[Stored data entries]
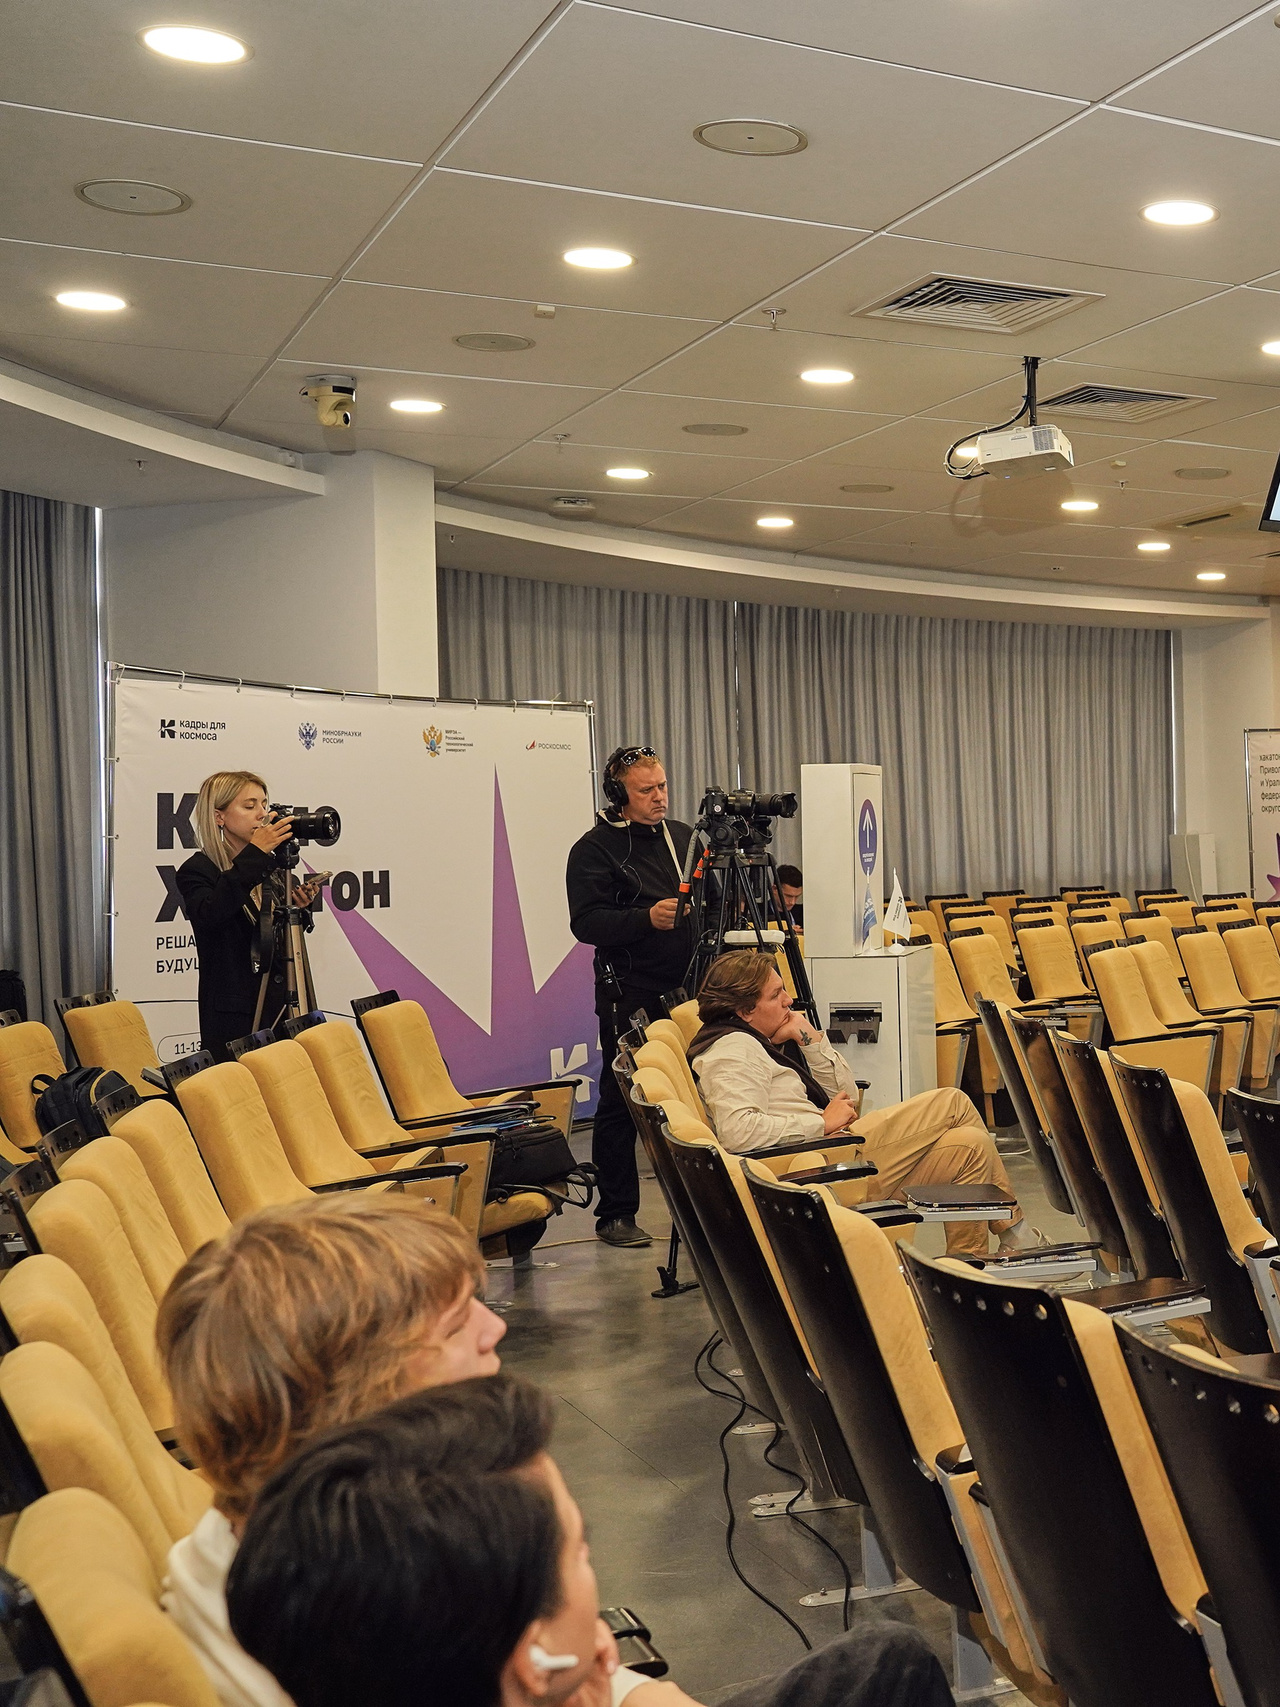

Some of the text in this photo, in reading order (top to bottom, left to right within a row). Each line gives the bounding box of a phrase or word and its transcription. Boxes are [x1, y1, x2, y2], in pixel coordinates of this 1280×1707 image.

[180, 719, 226, 730] кадры для
[180, 732, 217, 741] космоса
[156, 936, 197, 950] РЕША
[174, 1041, 202, 1055] 11-13
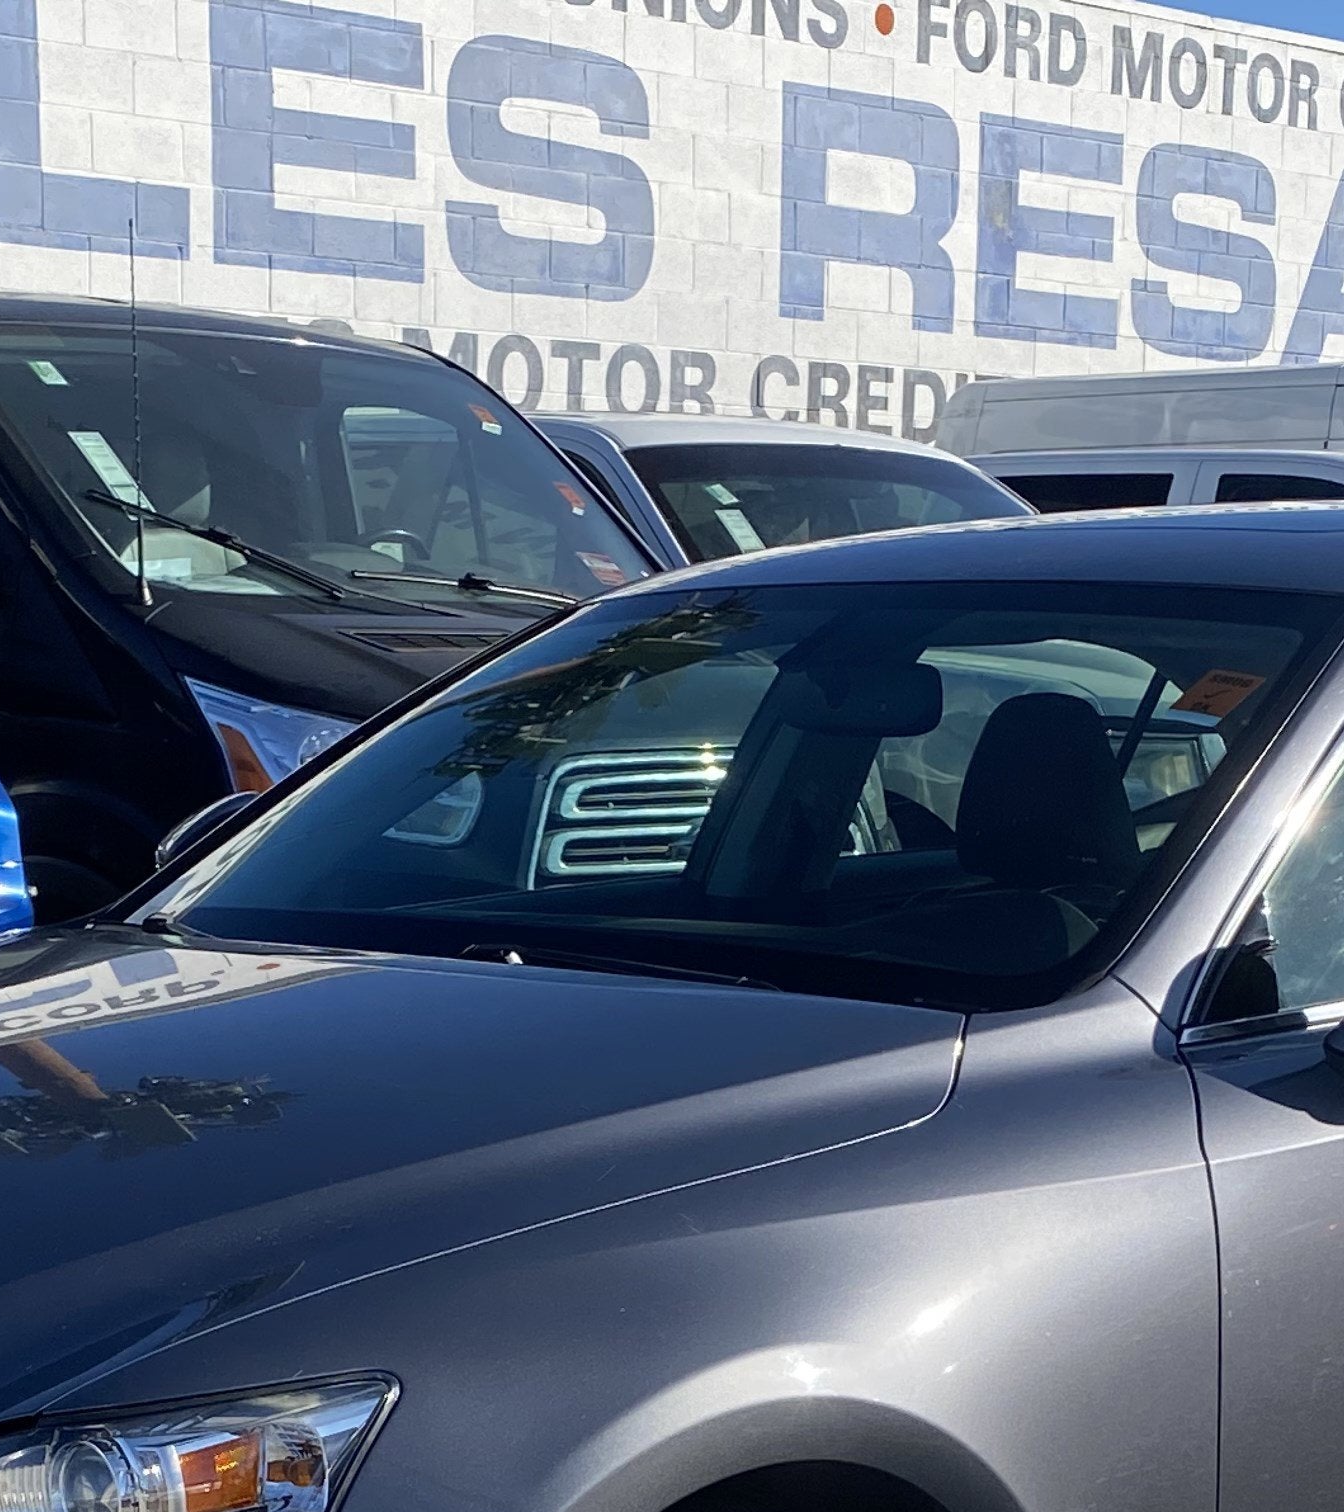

HOW TO COMPLETE THIS TASK
Copy the data word for word, no pictures.

TASK RESULT
Some of the text in this photo, in reading order (top to bottom, left to right within a row). Each line gives the bounding box of a phrase or word and its transcription. Boxes are [x1, y1, x2, y2], in pixel coordinates of this 1280×1707 image.

[180, 719, 226, 730] кадры для
[180, 732, 217, 741] космоса
[156, 936, 197, 950] РЕША
[174, 1041, 202, 1055] 11-13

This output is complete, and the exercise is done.